Well, yeah. As the ZeroHedge guys put it on Wednesday, "The economy is so great, it needs a crisis-level rate cut 2 months before the election." (The Fed usually makes quarter-point adjustments except when the waste matter has collided with the rotating air-flow acceleration device.)
So last week when I suggested you "Kiss Your Giant Rate Cut Goodbye," I guess I was staring into a less deep abyss than Powell was this week.
Anyway, I was about to ask Olen what took her so long to notice, but because MSNBC chose to run an article that dares to question the "Greatest Economy in History, We Promise," why don't we cut them both some slack? Particularly because Olen caught a few negative trends that hadn't yet come across my desk.
"While overall retail sales are inching higher," Olen noted, "restaurant sales are flatlining, and the post-pandemic travel bonanza is slowing, with hotels reporting less demand from vacationers."
Dining out and travel are related in that both are optional expenses and two of the first places where families cut back when times are tough. Entertainment is another:
Aside from Taylor Swift, musicians are struggling to draw crowds. Even Jennifer Lopez canceled a planned tour this summer in the face of flagging sales. Other acts, especially on the nostalgia circuit, joined forces, giving audiences two-for-one deals, seemingly to make it more likely they could fill up the seats. (Elvis Costello and Daryl Hall toured together this spring and summer. So did Rick Springfield and Richard Marx.)
My brain is having an impossible time wrapping itself around the idea of an Elvis Costello/Daryl Hall double bill. I guess my wife could go to see Hall and I could go to see Costello and we could share a single ticket.
The bigger picture stuff I've written about recently over at Instapundit, but it bears repeating here.
"Shares of consumer-lending companies slid this past week after executives raised warnings about lower-income borrowers who are struggling to make payments," the Wall Street Journal reported on Monday. "Dour remarks from banking executives at the Barclays banking conference rattled investors, who were already on edge about the health of the U.S. economy."

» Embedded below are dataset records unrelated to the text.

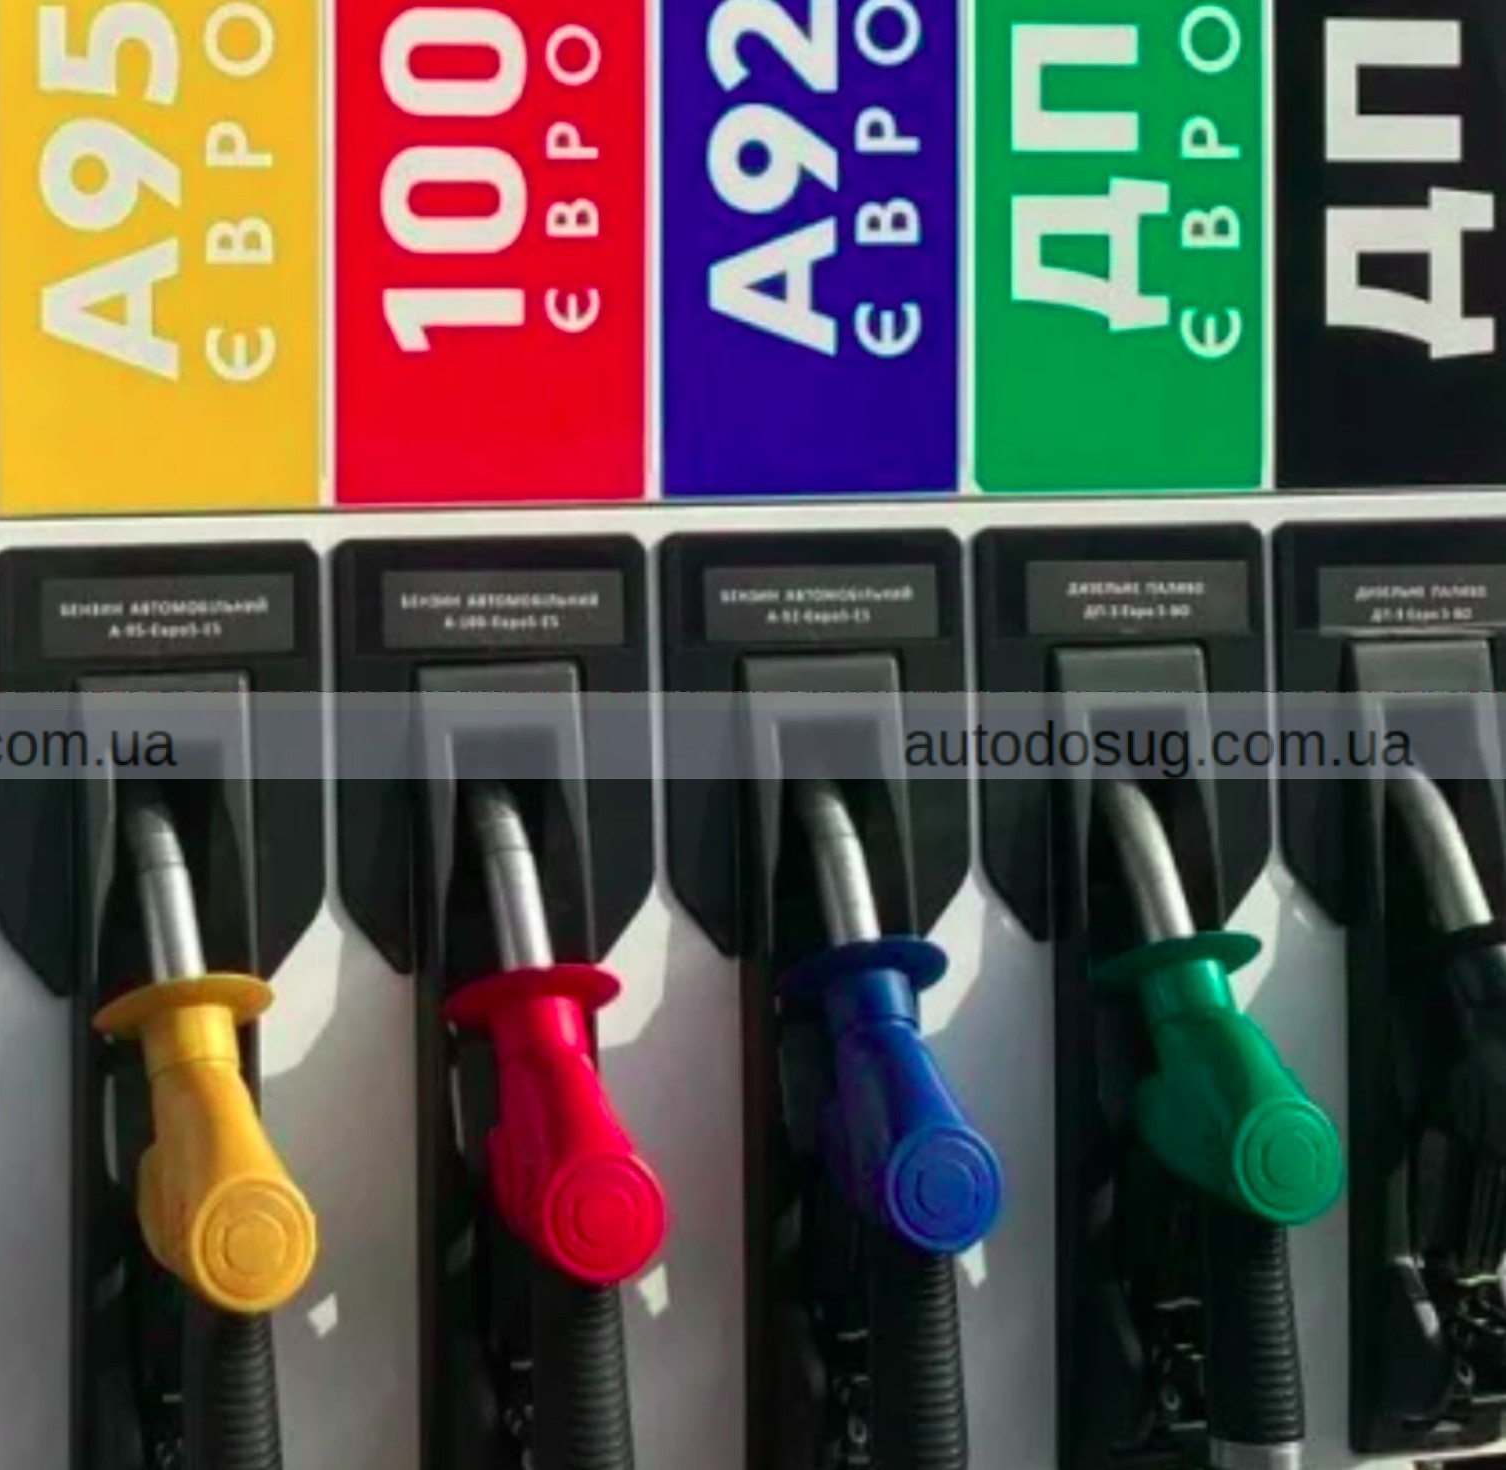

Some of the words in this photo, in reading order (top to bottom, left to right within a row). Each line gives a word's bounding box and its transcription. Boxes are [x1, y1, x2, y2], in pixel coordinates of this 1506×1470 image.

[38, 2, 182, 381] А95
[204, 2, 277, 382] ЄВРО
[380, 7, 528, 352] 100
[545, 24, 601, 333] ЄВРО
[853, 0, 922, 357] ЄВРО
[1010, 24, 1170, 332] ДП
[1179, 5, 1242, 358] ЄВРО
[1325, 18, 1495, 359] ДП
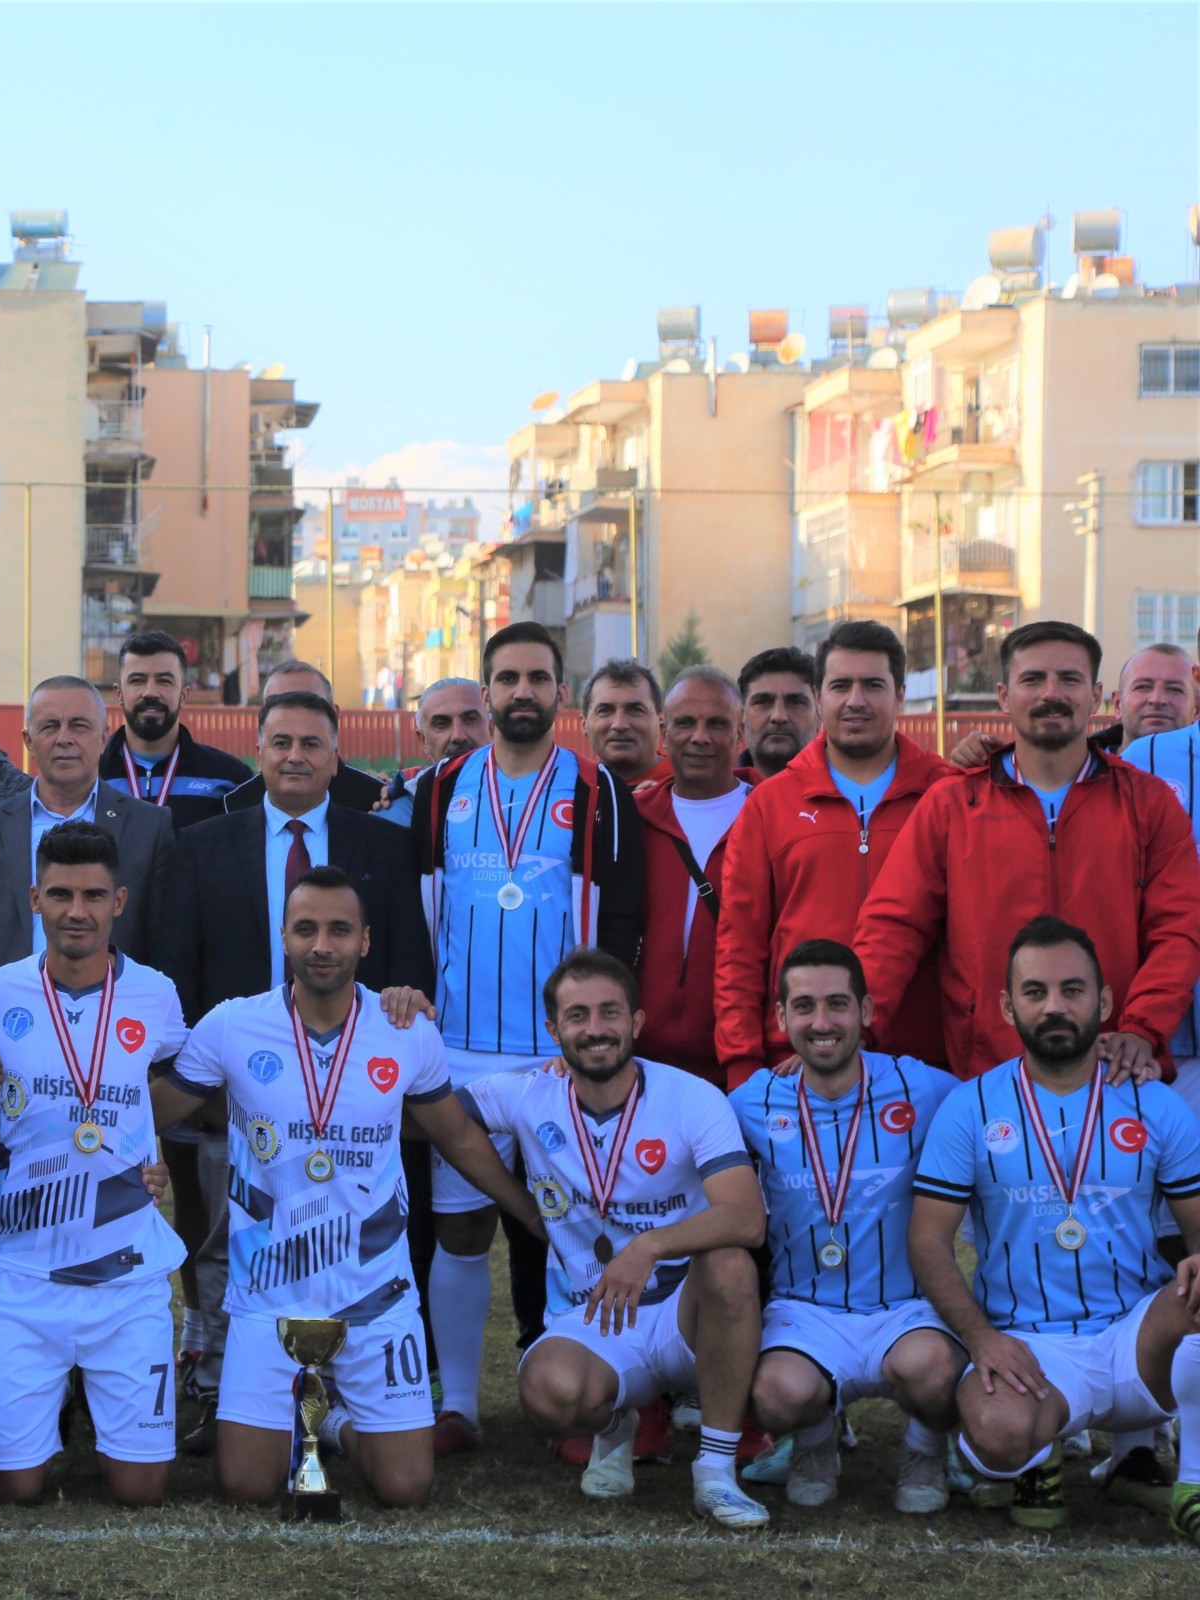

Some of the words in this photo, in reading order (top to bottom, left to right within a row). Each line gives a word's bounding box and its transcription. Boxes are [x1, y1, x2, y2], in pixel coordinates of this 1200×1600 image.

[625, 1193, 688, 1217] GELİŞİM
[381, 1333, 422, 1387] 10
[149, 1363, 169, 1416] 7

Credit card debt is at record highs. Delinquencies are on the rise, too — for housing, autos, and credit cards. We blew through our lockdown savings, then we racked up the MasterCard, and now we're skipping the fun things that make life worthwhile and falling behind on the bills.
Allowed to do its own thing, the economy should have enjoyed a robust recovery after the lockdowns. But Biden-Harris boondoggles crowded out profitable investments, illegal immigrants crowded out American workers, and regulation, inflation, and high interest rates strangled growth.
Welcome to the Biden-Harris economy. It took three years for the party to end, but I can guarantee you that no matter who wins in November, the hangover is going to be epic.